But sorry that I can’t reproduce your situation.
Both vxProcessGraph and vxScheduleGraph run concurrently in my side, just like the photo you expected.

Could you try to enable clock first?

sudo ./jetson_clocks.sh

Looks like your application takes lots of time in CPU computing.
Could you attach your source code completely for us debugging?

By the way, did you call the synchronize function since I saw it on the profiling figure?

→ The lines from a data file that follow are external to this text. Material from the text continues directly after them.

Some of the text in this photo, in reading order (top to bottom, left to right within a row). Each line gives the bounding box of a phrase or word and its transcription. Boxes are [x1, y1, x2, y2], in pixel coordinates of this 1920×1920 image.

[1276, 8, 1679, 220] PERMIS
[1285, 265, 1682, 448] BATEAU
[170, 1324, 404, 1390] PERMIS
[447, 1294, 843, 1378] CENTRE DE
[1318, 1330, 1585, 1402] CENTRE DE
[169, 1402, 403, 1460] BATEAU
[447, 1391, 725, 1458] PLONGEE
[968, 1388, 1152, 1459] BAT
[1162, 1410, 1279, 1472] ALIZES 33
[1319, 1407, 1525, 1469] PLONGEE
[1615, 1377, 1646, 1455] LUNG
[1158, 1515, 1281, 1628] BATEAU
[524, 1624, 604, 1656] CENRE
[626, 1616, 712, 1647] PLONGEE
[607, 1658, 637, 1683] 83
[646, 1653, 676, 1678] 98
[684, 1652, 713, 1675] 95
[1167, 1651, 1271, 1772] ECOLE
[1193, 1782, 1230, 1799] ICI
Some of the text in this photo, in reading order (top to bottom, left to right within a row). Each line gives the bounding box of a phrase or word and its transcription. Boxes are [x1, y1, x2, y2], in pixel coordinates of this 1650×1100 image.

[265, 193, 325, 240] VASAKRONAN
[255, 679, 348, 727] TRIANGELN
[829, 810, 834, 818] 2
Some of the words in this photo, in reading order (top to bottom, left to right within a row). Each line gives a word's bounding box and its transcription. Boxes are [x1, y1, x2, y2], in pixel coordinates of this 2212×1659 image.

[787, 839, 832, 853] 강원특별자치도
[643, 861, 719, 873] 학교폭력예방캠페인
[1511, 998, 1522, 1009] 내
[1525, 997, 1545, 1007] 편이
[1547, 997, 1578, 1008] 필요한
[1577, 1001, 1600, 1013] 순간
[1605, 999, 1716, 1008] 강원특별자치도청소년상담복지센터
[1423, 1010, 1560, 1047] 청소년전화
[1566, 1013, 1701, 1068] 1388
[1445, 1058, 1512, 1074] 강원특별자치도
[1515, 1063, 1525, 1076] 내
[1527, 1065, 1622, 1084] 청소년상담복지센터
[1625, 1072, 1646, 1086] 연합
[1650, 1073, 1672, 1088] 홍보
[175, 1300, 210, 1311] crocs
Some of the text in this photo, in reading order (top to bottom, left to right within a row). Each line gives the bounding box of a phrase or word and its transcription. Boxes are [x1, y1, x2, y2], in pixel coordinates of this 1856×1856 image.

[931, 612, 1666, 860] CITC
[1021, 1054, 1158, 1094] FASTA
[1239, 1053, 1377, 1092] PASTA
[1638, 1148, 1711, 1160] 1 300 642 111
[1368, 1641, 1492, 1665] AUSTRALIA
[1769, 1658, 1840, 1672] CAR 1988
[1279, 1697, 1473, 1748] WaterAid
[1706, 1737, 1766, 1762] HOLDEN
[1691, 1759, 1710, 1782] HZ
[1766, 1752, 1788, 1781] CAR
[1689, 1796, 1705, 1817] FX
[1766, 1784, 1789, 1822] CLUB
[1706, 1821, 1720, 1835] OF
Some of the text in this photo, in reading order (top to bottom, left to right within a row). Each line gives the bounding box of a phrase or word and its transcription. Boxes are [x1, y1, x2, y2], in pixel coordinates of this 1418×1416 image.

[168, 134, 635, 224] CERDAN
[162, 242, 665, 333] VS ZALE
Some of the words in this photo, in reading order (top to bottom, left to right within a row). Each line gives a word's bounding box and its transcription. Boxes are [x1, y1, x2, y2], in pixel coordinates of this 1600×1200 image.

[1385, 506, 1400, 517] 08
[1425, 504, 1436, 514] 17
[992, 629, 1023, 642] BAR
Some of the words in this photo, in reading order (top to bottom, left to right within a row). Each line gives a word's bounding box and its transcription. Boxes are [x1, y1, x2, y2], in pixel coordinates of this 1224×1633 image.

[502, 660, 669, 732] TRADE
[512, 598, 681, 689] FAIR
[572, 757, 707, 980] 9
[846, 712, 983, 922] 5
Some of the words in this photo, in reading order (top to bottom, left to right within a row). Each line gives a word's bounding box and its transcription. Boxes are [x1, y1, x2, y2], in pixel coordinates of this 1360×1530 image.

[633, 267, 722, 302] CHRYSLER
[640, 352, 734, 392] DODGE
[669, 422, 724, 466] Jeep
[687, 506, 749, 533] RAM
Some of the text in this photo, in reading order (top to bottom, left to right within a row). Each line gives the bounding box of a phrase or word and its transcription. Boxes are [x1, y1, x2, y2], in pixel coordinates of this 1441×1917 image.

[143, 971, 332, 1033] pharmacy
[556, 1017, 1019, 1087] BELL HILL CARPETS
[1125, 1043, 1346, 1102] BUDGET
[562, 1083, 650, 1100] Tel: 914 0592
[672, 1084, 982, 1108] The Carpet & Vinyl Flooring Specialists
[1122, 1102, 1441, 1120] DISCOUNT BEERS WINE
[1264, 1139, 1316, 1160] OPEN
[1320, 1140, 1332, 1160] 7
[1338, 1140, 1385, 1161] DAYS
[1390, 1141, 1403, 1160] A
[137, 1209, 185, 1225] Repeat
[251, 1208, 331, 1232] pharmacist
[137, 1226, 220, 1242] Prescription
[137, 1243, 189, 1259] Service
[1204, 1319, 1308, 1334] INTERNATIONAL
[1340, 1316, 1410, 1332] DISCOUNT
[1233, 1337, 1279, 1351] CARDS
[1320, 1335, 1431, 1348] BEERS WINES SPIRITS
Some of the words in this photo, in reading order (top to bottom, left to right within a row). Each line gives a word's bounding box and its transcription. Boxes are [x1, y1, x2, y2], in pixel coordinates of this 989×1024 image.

Sorry for Late response and thank you for answer, AastaLLL
I didn’t know there is some script for cpu optimization,
But that wasn’t reason that computation takes lots of time in CPU computing.
actually, I found that visionworks didn’t use all cpu core, they use only one core,
so I think this is the main reason why cpu time is very long,

when I test my code, I chnage my code frequent for other case test, but basically, I wrote this code by your suggestion , and I didn’t call any synchronize function on the profiling figure, it was automically call by visionworks…

#include <cmath>
#include <iostream>
#include <stdlib.h>
#include <stdio.h>
#include <math.h>
#include <NVXIO/Render.hpp>
#include <NVX/nvx_opencv_interop.hpp>
#include <opencv2/opencv.hpp>
#include <NVX/nvx.h>
#include <NVX/nvx_timer.hpp>

#include <NVXIO/Application.hpp>
#include <NVXIO/ConfigParser.hpp>
#include <NVXIO/FrameSource.hpp>
#include <NVXIO/SyncTimer.hpp>
#include <NVXIO/Utility.hpp>
#include <opencv2/core/core.hpp>
#include <opencv2/core/mat.hpp>
#include <opencv2/highgui/highgui.hpp>
#include <opencv2/imgproc/imgproc.hpp>
    int main(int argc, char** argv)
    {

	cv::Mat mat = cv::imread("512kb.jpg");
        int width = mat.cols;
        int height = mat.rows;
        vx_context context = vxCreateContext();
        vx_image frame1 =  nvx_cv::createVXImageFromCVMat(context, mat);
	//vx_image frame2 =  nvx_cv::createVXImageFromCVMat(context, mat);
	int a = 0;

	//vx_image frame = vxCreateImage(context, width, height, VX_DF_IMAGE_RGBX);
        vx_image gray1 = vxCreateImage(context, width, height, VX_DF_IMAGE_U8);
        vx_image gray2 = vxCreateImage(context, width, height, VX_DF_IMAGE_U8);       


        vx_graph graph1 = vxCreateGraph(context);
        vx_graph graph2 = vxCreateGraph(context);
	//make two nodes
        vx_node cvtNode1 = vxColorConvertNode(graph1, frame1, gray1);
        vx_node cvtNode2 = vxColorConvertNode(graph2, frame1, gray2);

	//when I want to test CPU version, I chaged NVX_TARGET_GPU
	vxSetNodeTarget(cvtNode1, NVX_TARGET_GPU, NULL);
	vxSetNodeTarget(cvtNode2, NVX_TARGET_GPU, NULL);

	double timeSec;	

        for(int i=0; i<100; i++)
        {
	    //const  int64 startWhole = cv::getTickCount();
            //printf("%d", i);
	    //const  int64 startGraph1 = cv::getTickCount();
            
            //if I want to change graph's sync mode to asynchornous, I change vxProcessGraph to vxScheduleGraph 
	    NVXIO_SAFE_CALL( vxProcessGraph(graph1) );
	    NVXIO_SAFE_CALL( vxProcessGraph(graph2) );

        }

        vxReleaseNode(&cvtNode1);
        vxReleaseNode(&cvtNode2);
        vxReleaseImage(&frame1);
        vxReleaseImage(&gray1);
        vxReleaseImage(&gray2);


        return nvxio::Application::APP_EXIT_CODE_SUCCESS;
    }

and this is one core running on the visionworks when I change node mode to CPU.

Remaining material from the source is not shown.